TL;DR: A multi-agent architecture is a cost you pay for two specific things: parallelism on genuinely independent subtasks, and isolation when a job needs specialists that must not share context. Most teams pay the cost and get neither. The field itself is split on this. Anthropic reported that a multi-agent research system beat a single agent by a wide margin on its own internal eval, and in the same post reported it burned roughly fifteen times the tokens of an ordinary chat, with token volume alone explaining about eighty percent of the score. Cognition, from the opposite corner, argues you should not build parallel multi-agents at all, because agents acting on partial context make conflicting decisions that a later step has to clean up, so you should keep a single continuous thread. Both are right about different problems. A second agent multiplies your token bill, multiplies the ways coordination can fail, and compounds unreliability across every hop, because a ten-step chain at ninety-five percent per step is only about sixty percent reliable end to end. So default to one capable agent with good tools and memory, and reach for multiple only when the work truly parallelizes, when subtasks need walled-off context, or when a specialist genuinely beats a generalist. When you do, follow the pattern the debate is converging on: let extra agents contribute intelligence, keep the writes single-threaded, share structured state instead of passing messages, route instead of fanning out blindly, and put the token bill on the same scorecard as quality.

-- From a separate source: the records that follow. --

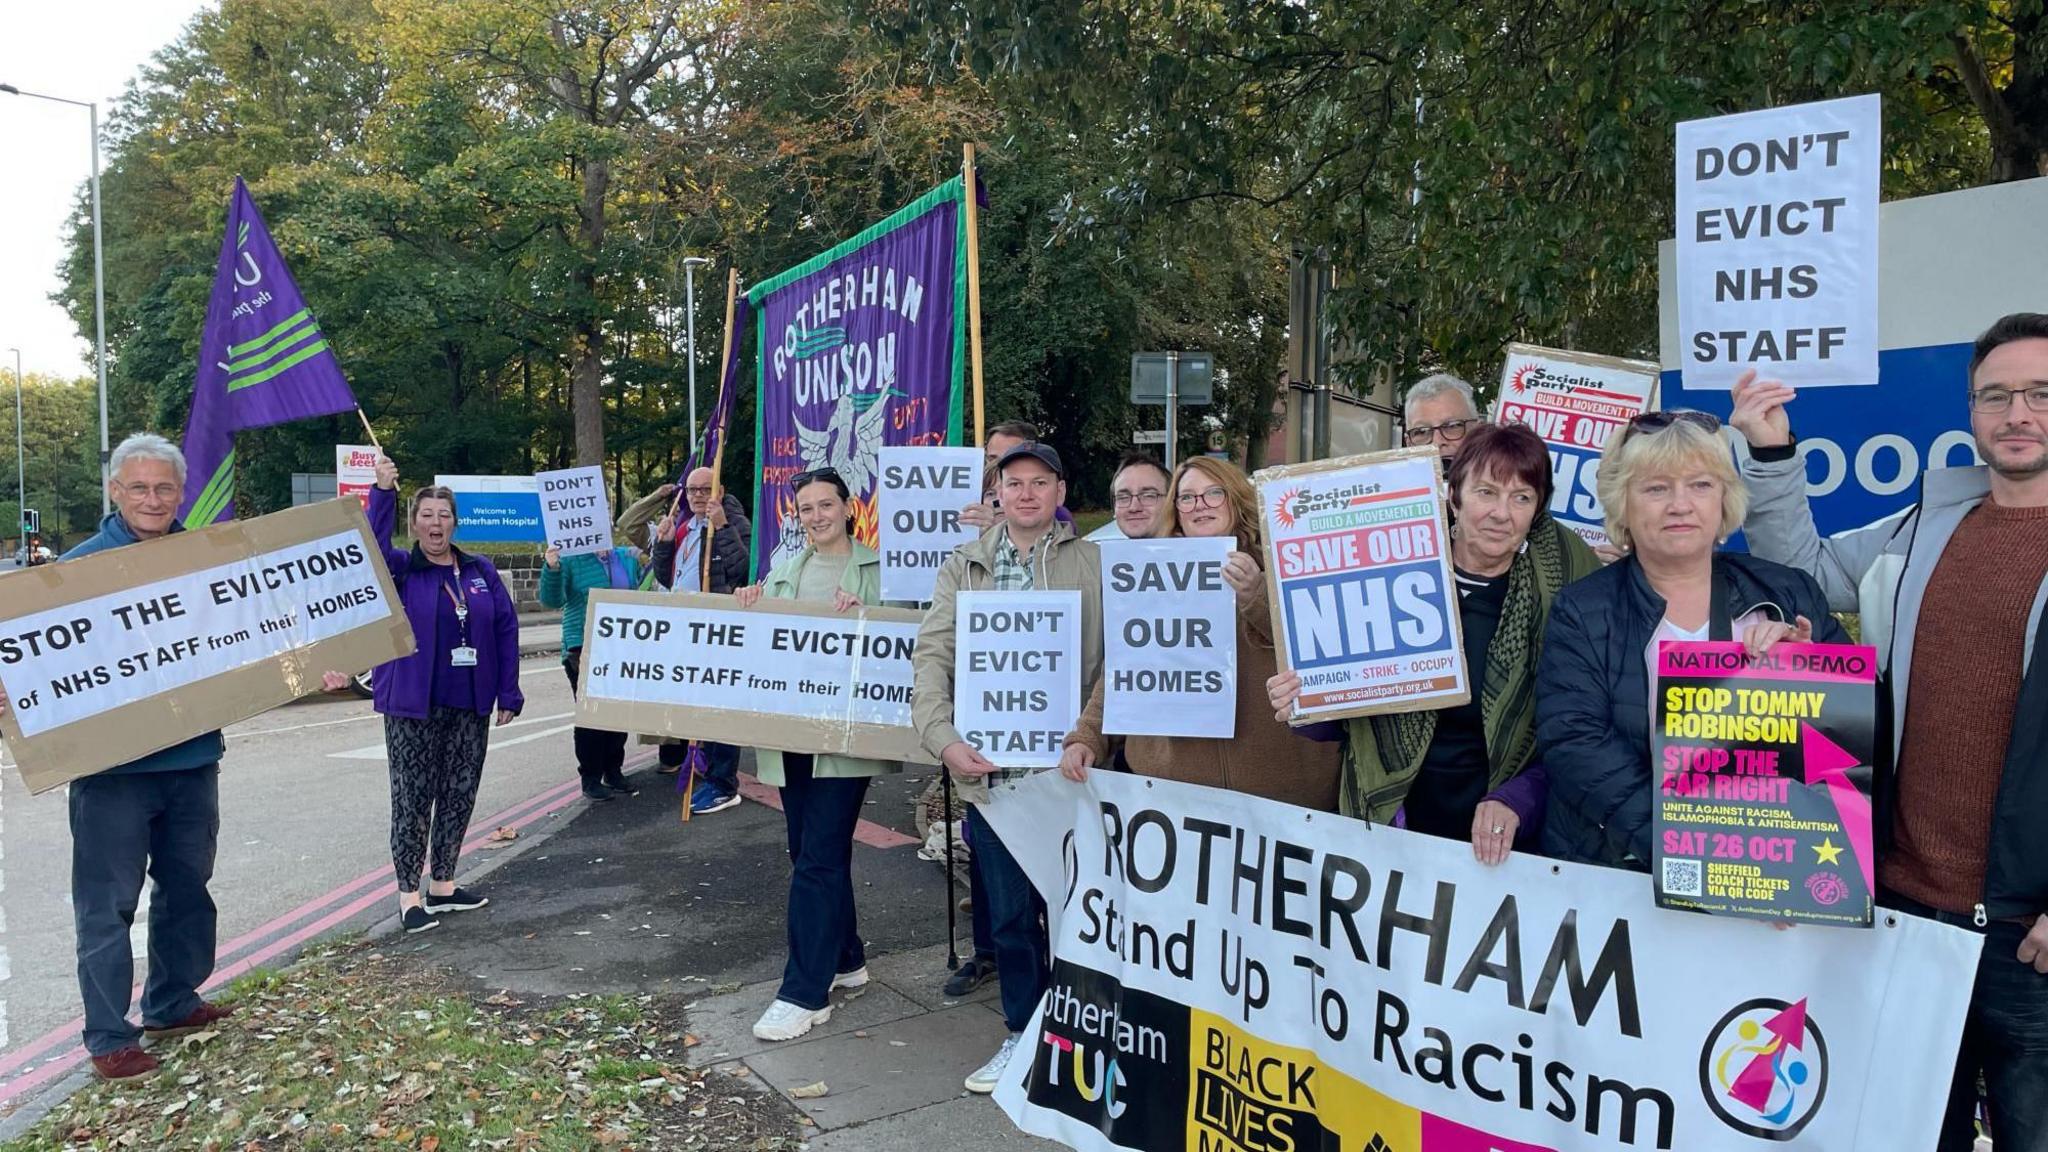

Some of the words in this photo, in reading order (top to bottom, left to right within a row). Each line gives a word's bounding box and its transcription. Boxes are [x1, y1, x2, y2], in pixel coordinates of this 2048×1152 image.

[1696, 131, 1850, 181] DON'T
[1696, 197, 1846, 243] EVICT
[1715, 264, 1818, 302] NHS
[1693, 327, 1846, 363] STAFF
[795, 332, 896, 407] UNISON
[1533, 368, 1604, 389] Socialist
[1537, 392, 1563, 407] BUILD
[1564, 398, 1571, 408] A
[1572, 400, 1624, 417] MOVEMENT
[1625, 408, 1637, 417] TO
[1505, 406, 1568, 440] SAVE
[1574, 418, 1623, 447] OU
[350, 459, 376, 467] Bees
[352, 451, 376, 460] Busy
[544, 476, 594, 492] DON'T
[884, 466, 971, 490] SAVE
[1551, 452, 1604, 520] HS
[547, 496, 597, 512] EVICT
[1297, 482, 1382, 505] Socialist
[457, 517, 500, 526] otherham
[502, 517, 539, 527] Hospital
[473, 507, 506, 515] Welcome
[558, 516, 593, 530] NHS
[893, 509, 962, 534] OUR
[1311, 513, 1344, 531] BUILD
[1345, 513, 1355, 526] A
[1355, 504, 1414, 524] MOVEMENT
[1414, 502, 1432, 515] TO
[553, 533, 603, 550] STAFF
[1281, 534, 1360, 575] SAVE
[1367, 524, 1434, 563] OUR
[886, 550, 953, 568] HOM
[1110, 560, 1223, 593] SAVE
[1, 617, 92, 664] STOP
[112, 593, 186, 630] THE
[209, 544, 364, 605] EVICTIONS
[1290, 570, 1443, 662] NHS
[968, 611, 1064, 634] DON'T
[1122, 617, 1213, 649] OUR
[18, 689, 39, 711] of
[50, 665, 111, 699] NHS
[118, 636, 200, 678] STAFF
[207, 628, 250, 651] from
[259, 613, 298, 634] their
[306, 585, 378, 620] HOMES
[598, 616, 671, 641] STOP
[688, 622, 745, 647] THE
[771, 628, 914, 660] EVICTION
[968, 650, 1063, 673] EVICT
[1362, 663, 1400, 680] STRIKE
[1411, 656, 1454, 673] OCCUPY
[1668, 652, 1786, 671] NATIONAL
[1792, 654, 1866, 674] DEMO
[593, 664, 609, 677] of
[620, 662, 665, 681] NHS
[671, 665, 743, 687] STAFF
[748, 674, 787, 692] from
[798, 680, 841, 696] their
[854, 683, 914, 704] HOM
[1113, 670, 1223, 694] HOMES
[1323, 680, 1434, 703] www.socialistparty.org.uk
[982, 690, 1048, 713] NHS
[1666, 687, 1731, 713] STOP
[1737, 689, 1825, 718] TOMMY
[965, 730, 1065, 753] STAFF
[1665, 713, 1797, 743] ROBINSON
[1663, 746, 1729, 773] STOP
[1734, 749, 1780, 776] THE
[1662, 772, 1710, 799] FAR
[1714, 776, 1791, 804] RIGHT
[1663, 802, 1693, 813] UNITE
[1695, 805, 1744, 816] AGAINST
[1747, 808, 1793, 820] RACISM,
[1663, 812, 1745, 827] ISLAMOPHOBIA
[1748, 818, 1755, 827] &
[1758, 819, 1839, 832] ANTISEMITISM
[1663, 830, 1707, 856] SAT
[1712, 833, 1743, 858] 26
[1749, 836, 1796, 863] OCT
[1707, 862, 1761, 877] SHEFFIELD
[1707, 874, 1744, 887] COACH
[1746, 877, 1790, 891] TICKETS
[1707, 885, 1726, 897] VIA
[1728, 887, 1744, 899] QR
[1745, 888, 1775, 900] CODE
[1100, 800, 1642, 1038] ROTHERHAM
[1044, 985, 1166, 1064] otheram
[1220, 930, 1269, 1022] Up
[1294, 955, 1348, 1041] To
[1373, 989, 1675, 1150] Racism
[1043, 1031, 1127, 1119] TUC
[1206, 1027, 1318, 1109] BLACK
[1200, 1077, 1296, 1152] LIVES

A team ships a working agent, one model in a loop with a handful of tools and a memory store, and it does the job. Then they read that multi-agent is the frontier, so they split it up: a planner, three parallel researchers, a critic, and a synthesizer. Latency triples. The bill goes up by an order of magnitude. And the three researchers come back with three subtly different answers, because none of them saw what the others found, so now there is a reconciliation step whose entire purpose is to clean up the mess the fan-out created. The demo that worked as one agent is now slower, more expensive, and less consistent, and it is doing exactly the same task. Nobody stopped to ask the only question that matters: what were the extra agents for.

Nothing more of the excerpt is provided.